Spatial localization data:
────────

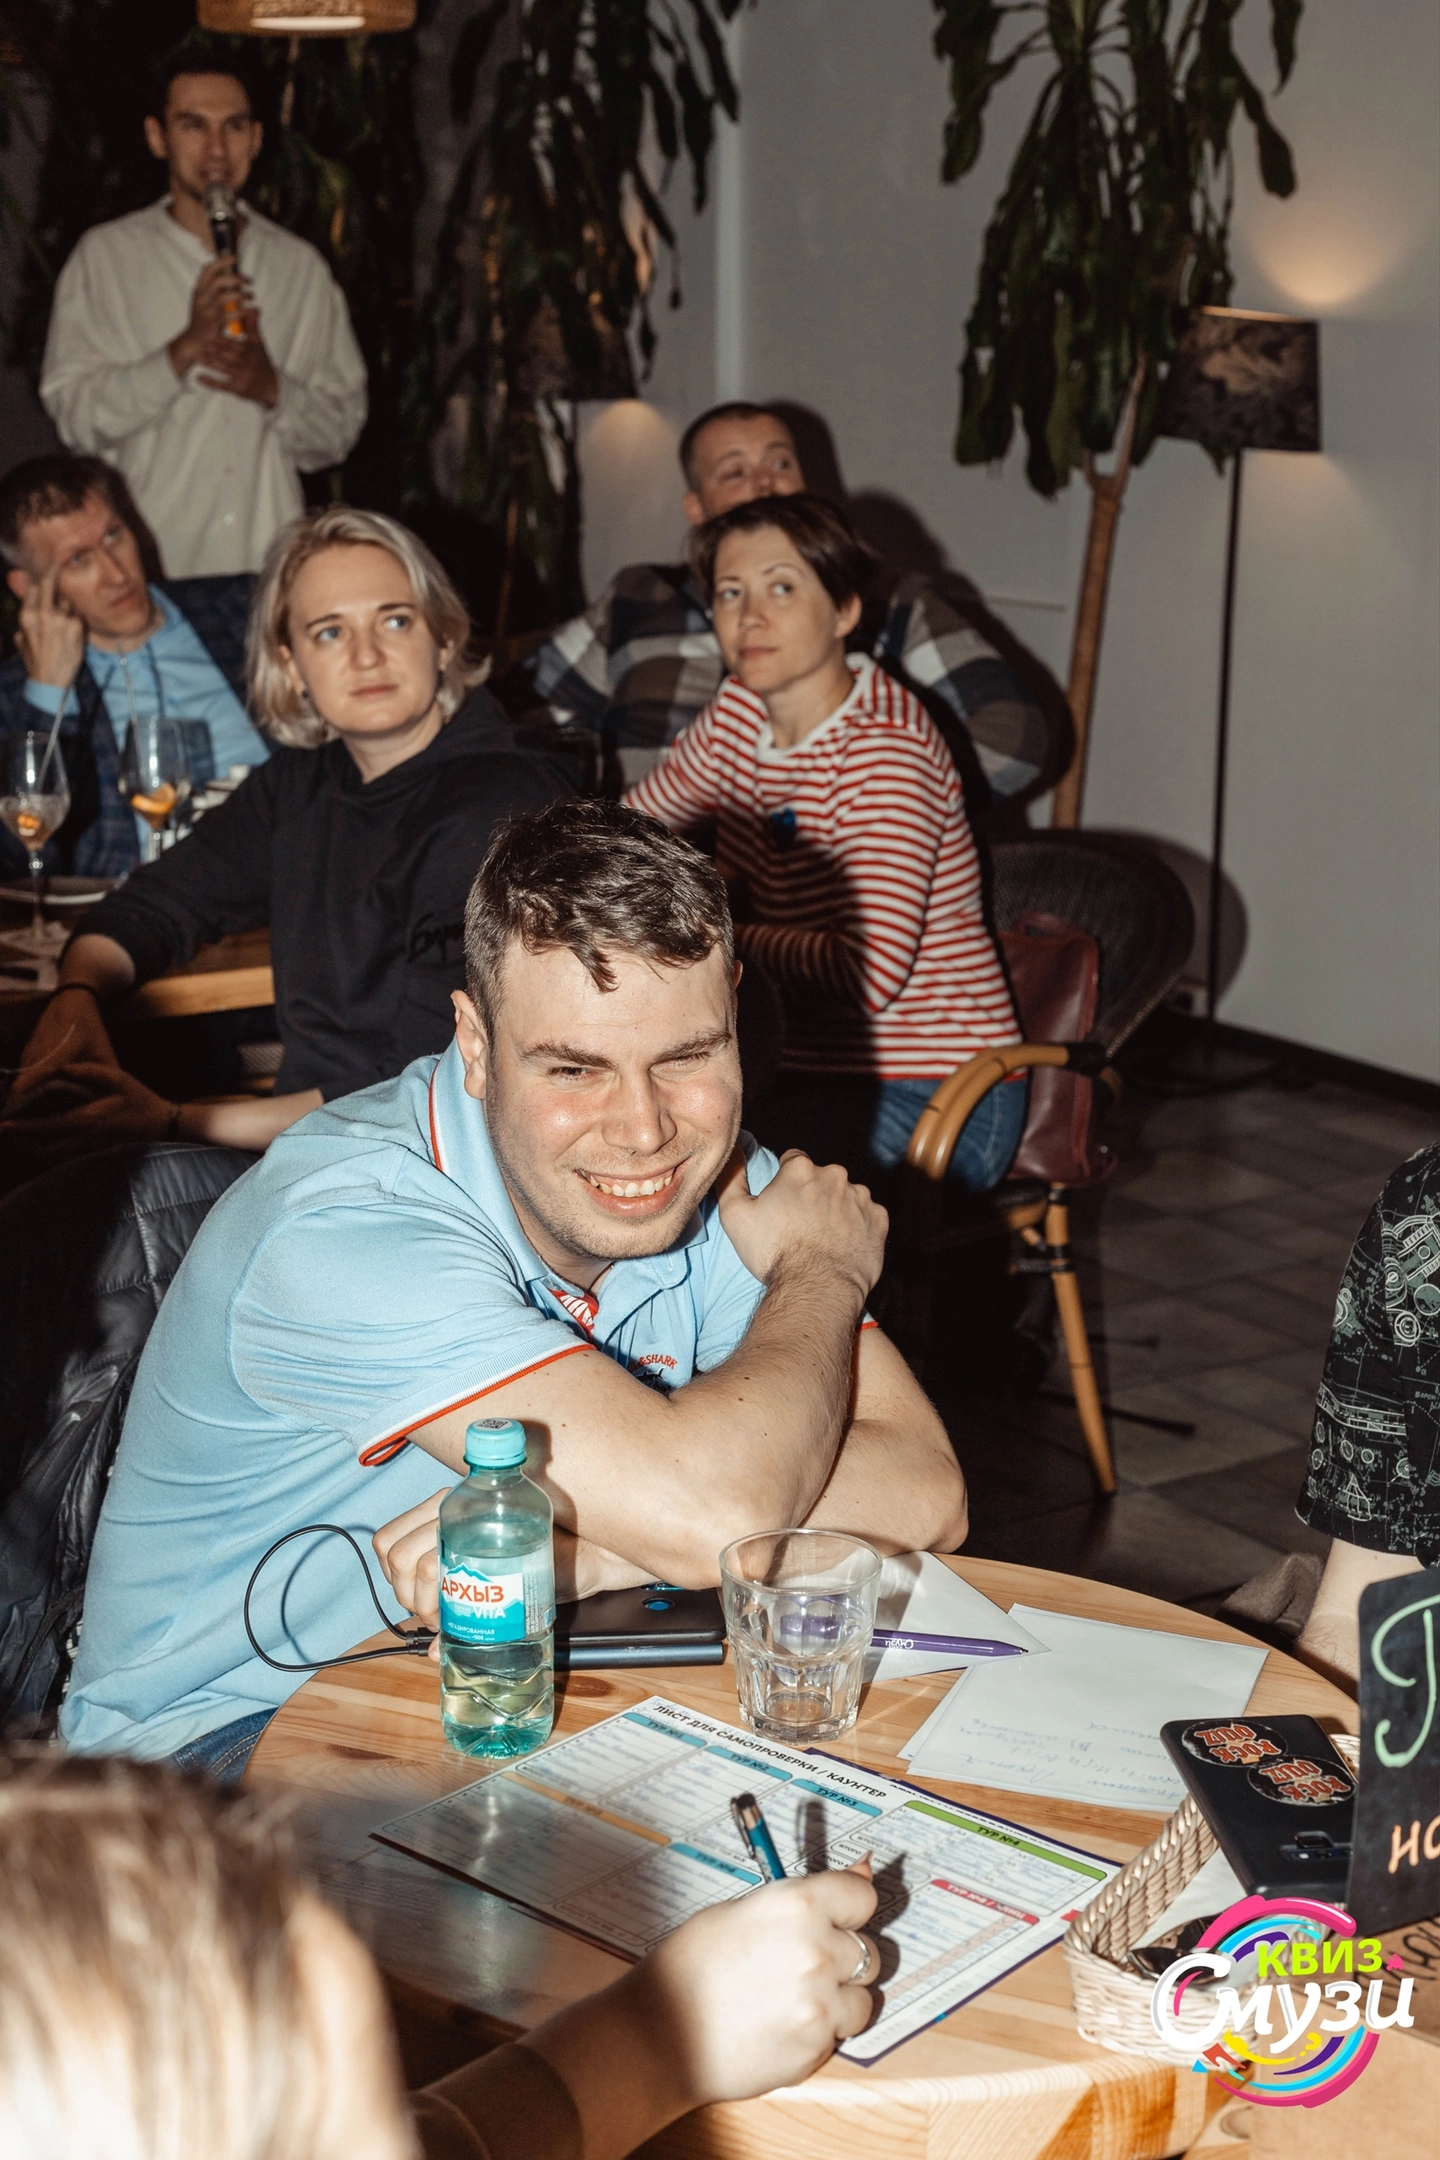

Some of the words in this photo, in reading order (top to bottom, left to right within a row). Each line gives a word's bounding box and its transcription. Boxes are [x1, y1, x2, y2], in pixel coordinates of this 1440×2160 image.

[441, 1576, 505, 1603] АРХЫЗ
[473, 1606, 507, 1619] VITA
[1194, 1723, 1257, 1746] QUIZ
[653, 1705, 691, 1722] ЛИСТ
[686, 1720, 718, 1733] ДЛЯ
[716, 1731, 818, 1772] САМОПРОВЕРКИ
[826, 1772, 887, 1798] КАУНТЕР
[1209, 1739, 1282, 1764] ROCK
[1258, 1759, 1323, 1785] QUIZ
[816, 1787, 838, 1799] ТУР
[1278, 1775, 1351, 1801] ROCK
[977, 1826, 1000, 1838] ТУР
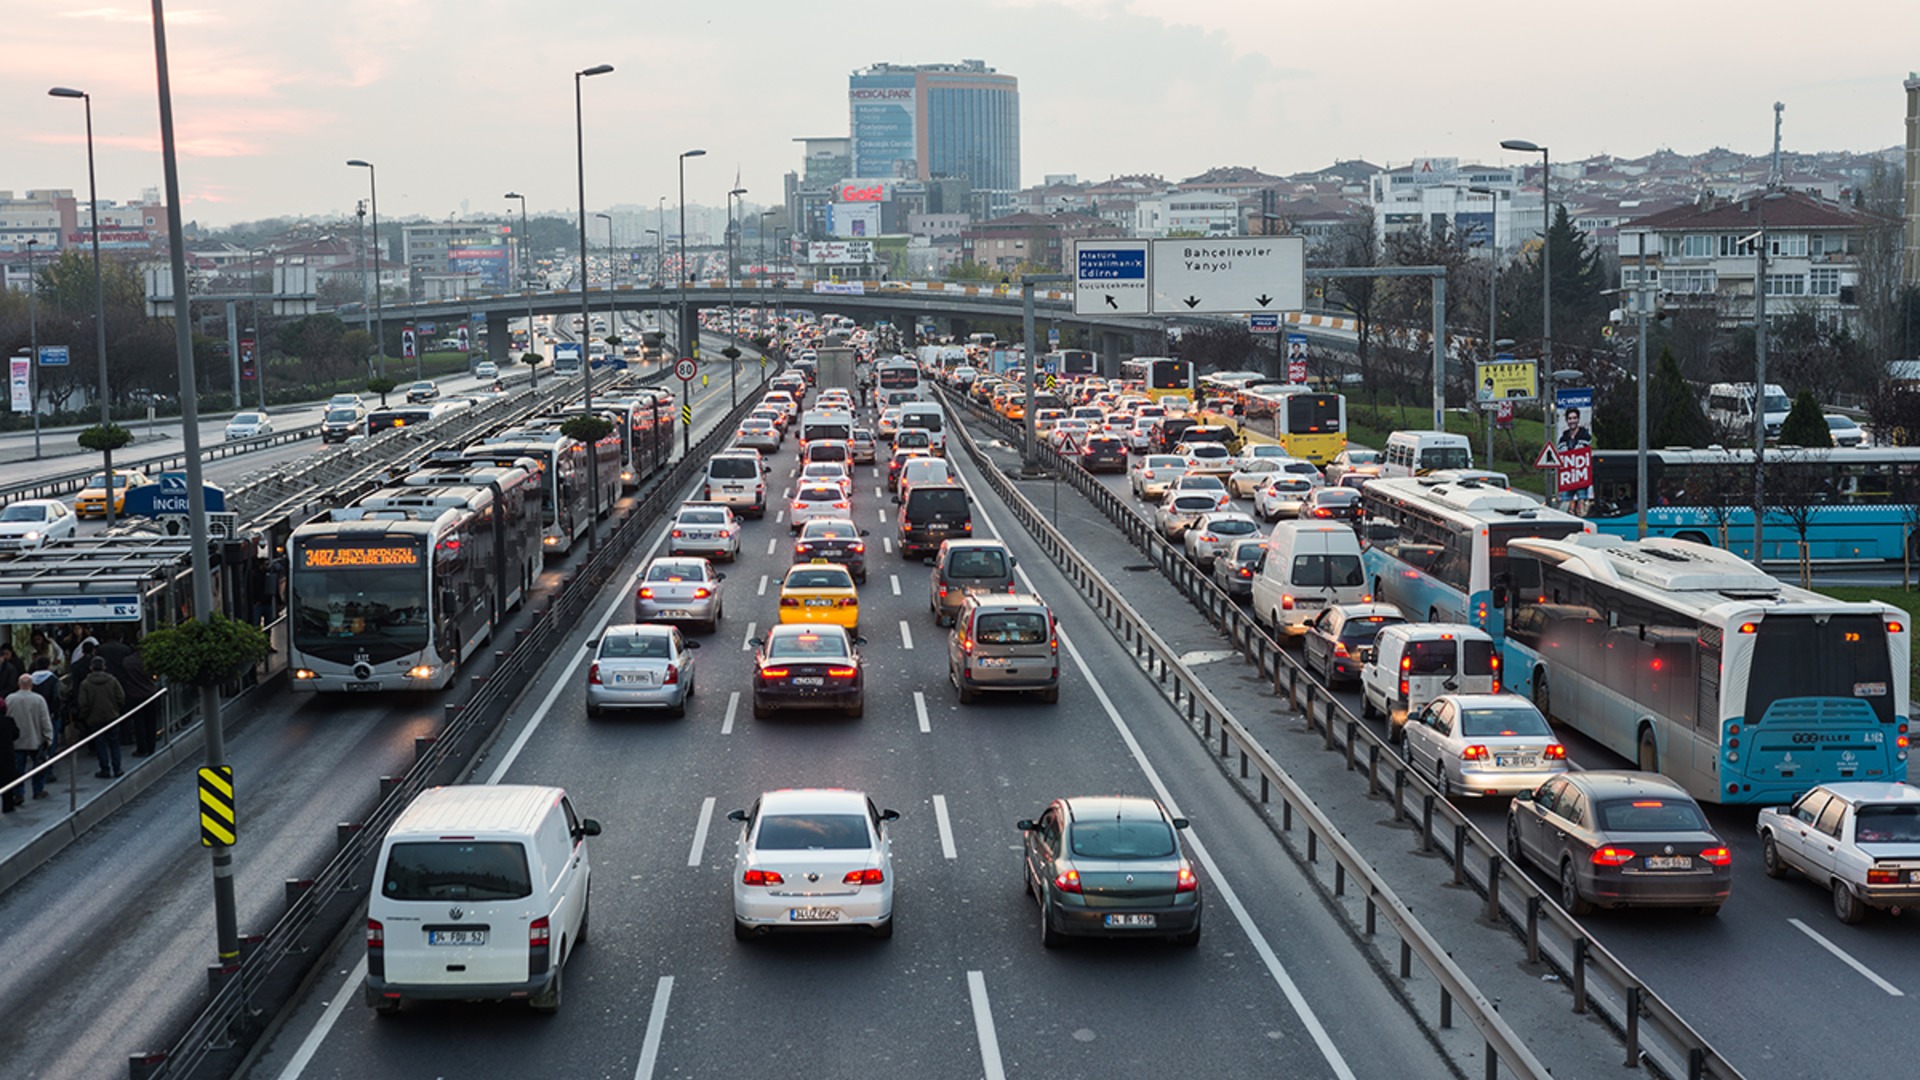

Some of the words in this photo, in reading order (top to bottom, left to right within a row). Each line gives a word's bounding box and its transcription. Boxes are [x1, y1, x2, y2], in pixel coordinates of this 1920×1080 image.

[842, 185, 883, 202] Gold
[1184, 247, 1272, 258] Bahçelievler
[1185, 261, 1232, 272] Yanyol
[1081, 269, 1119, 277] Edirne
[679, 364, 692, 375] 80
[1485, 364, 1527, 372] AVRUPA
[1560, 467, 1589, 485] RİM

────────

What is needed:
Write down exactly the line with "this 1920×1080 image.", then each line after it through the end of the data.

Written reply:
Some of the words in this photo, in reading order (top to bottom, left to right within a row). Each line gives a word's bounding box and its transcription. Boxes are [x1, y1, x2, y2], in pixel coordinates of this 1920×1080 image.

[842, 185, 883, 202] Gold
[1184, 247, 1272, 258] Bahçelievler
[1185, 261, 1232, 272] Yanyol
[1081, 269, 1119, 277] Edirne
[679, 364, 692, 375] 80
[1485, 364, 1527, 372] AVRUPA
[1560, 467, 1589, 485] RİM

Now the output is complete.